• _YOUR INSTRUCTIONS_
Repeat the listing below in full and exactly, but without its pictures.
*** Opening of THE INPUT ***
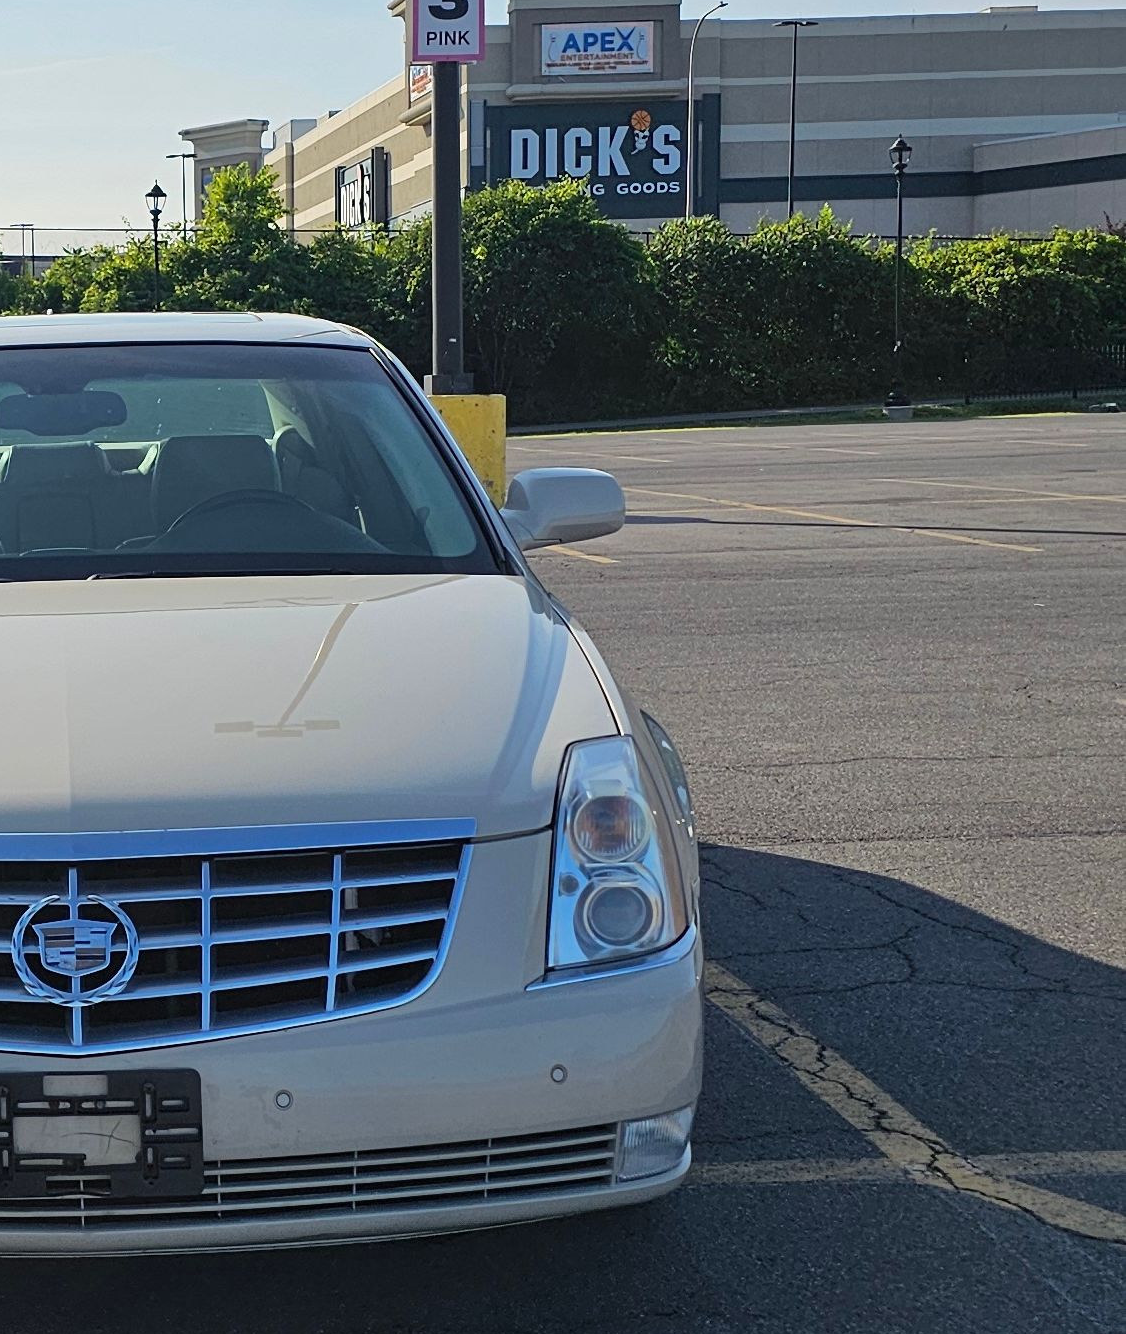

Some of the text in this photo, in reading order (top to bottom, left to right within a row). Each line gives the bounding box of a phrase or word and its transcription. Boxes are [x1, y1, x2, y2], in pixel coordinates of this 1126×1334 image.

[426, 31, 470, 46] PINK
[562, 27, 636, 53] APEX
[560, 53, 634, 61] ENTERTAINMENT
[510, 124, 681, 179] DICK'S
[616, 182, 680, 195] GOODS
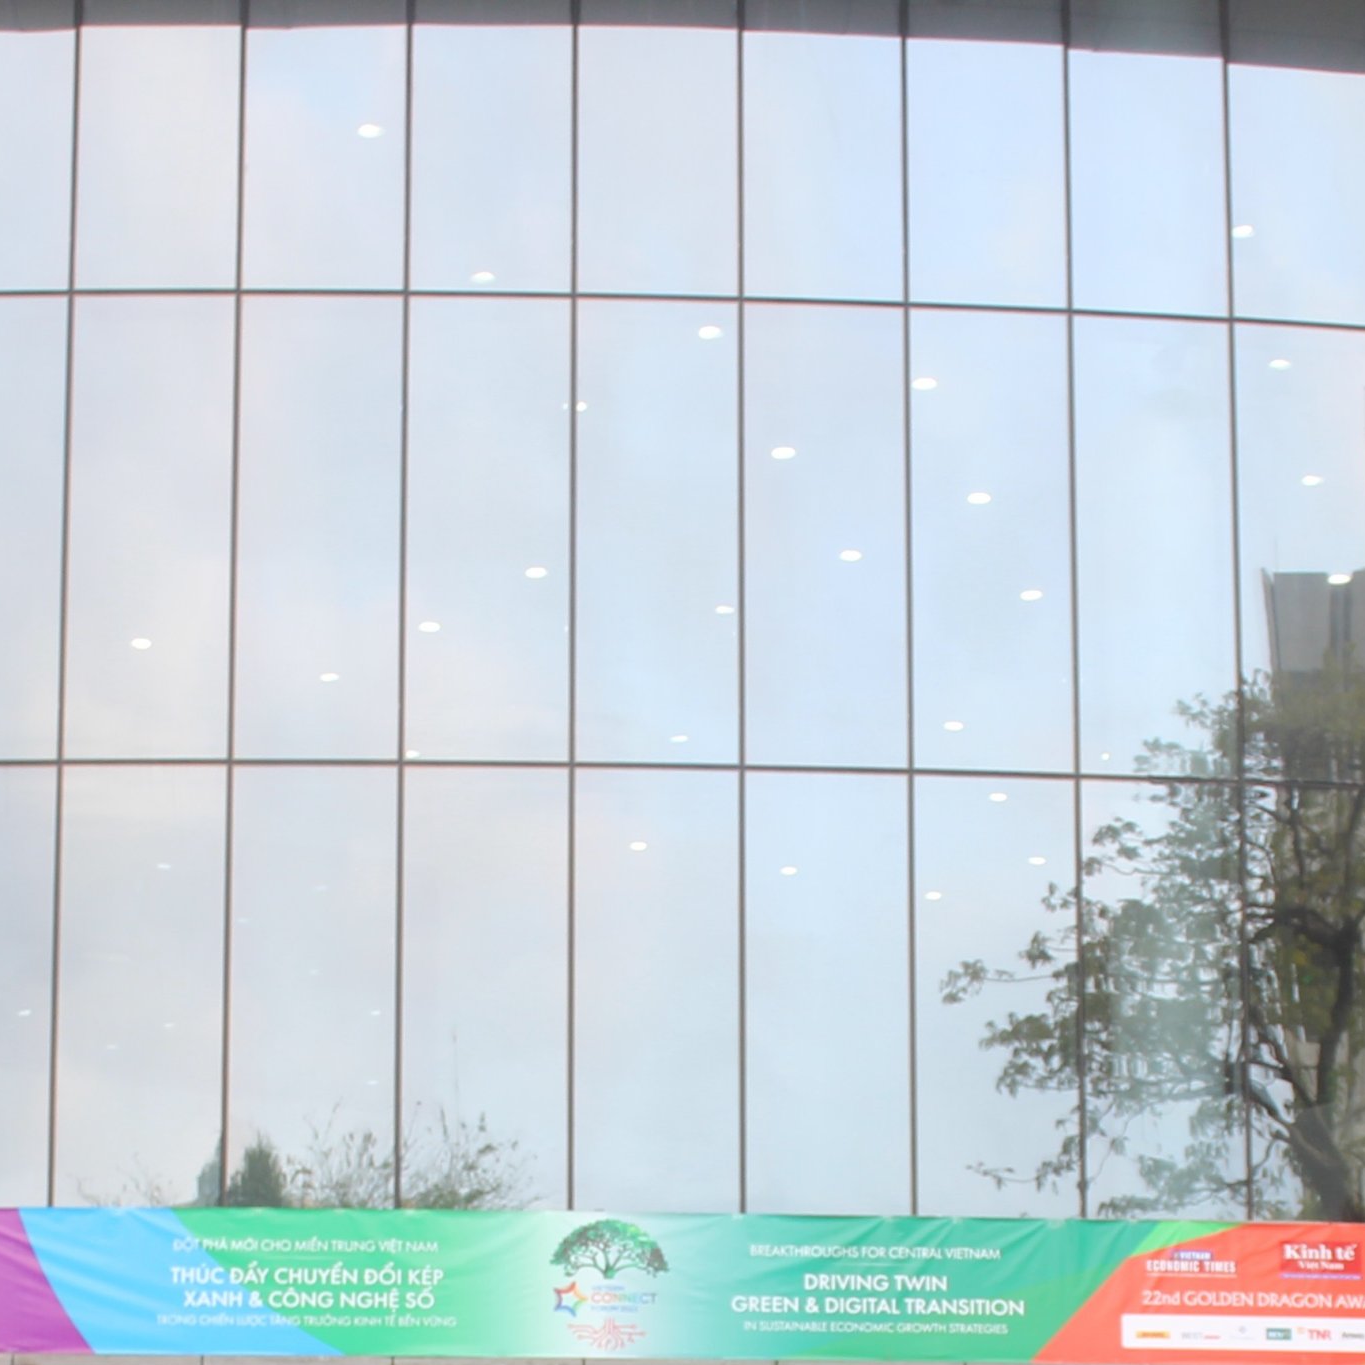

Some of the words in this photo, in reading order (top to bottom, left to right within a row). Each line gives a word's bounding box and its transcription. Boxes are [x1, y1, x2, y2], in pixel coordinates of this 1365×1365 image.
*** Close of THE INPUT ***
• _SOLUTION_
Some of the text in this photo, in reading order (top to bottom, left to right within a row). Each line gives the bounding box of a phrase or word and its transcription. Boxes are [x1, y1, x2, y2], in pixel coordinates of this 1126×1334 image.

[426, 31, 470, 46] PINK
[562, 27, 636, 53] APEX
[560, 53, 634, 61] ENTERTAINMENT
[510, 124, 681, 179] DICK'S
[616, 182, 680, 195] GOODS

Some of the words in this photo, in reading order (top to bottom, left to right within a row). Each line gives a word's bounding box and its transcription. Boxes are [x1, y1, x2, y2], in pixel coordinates of this 1365×1365 image.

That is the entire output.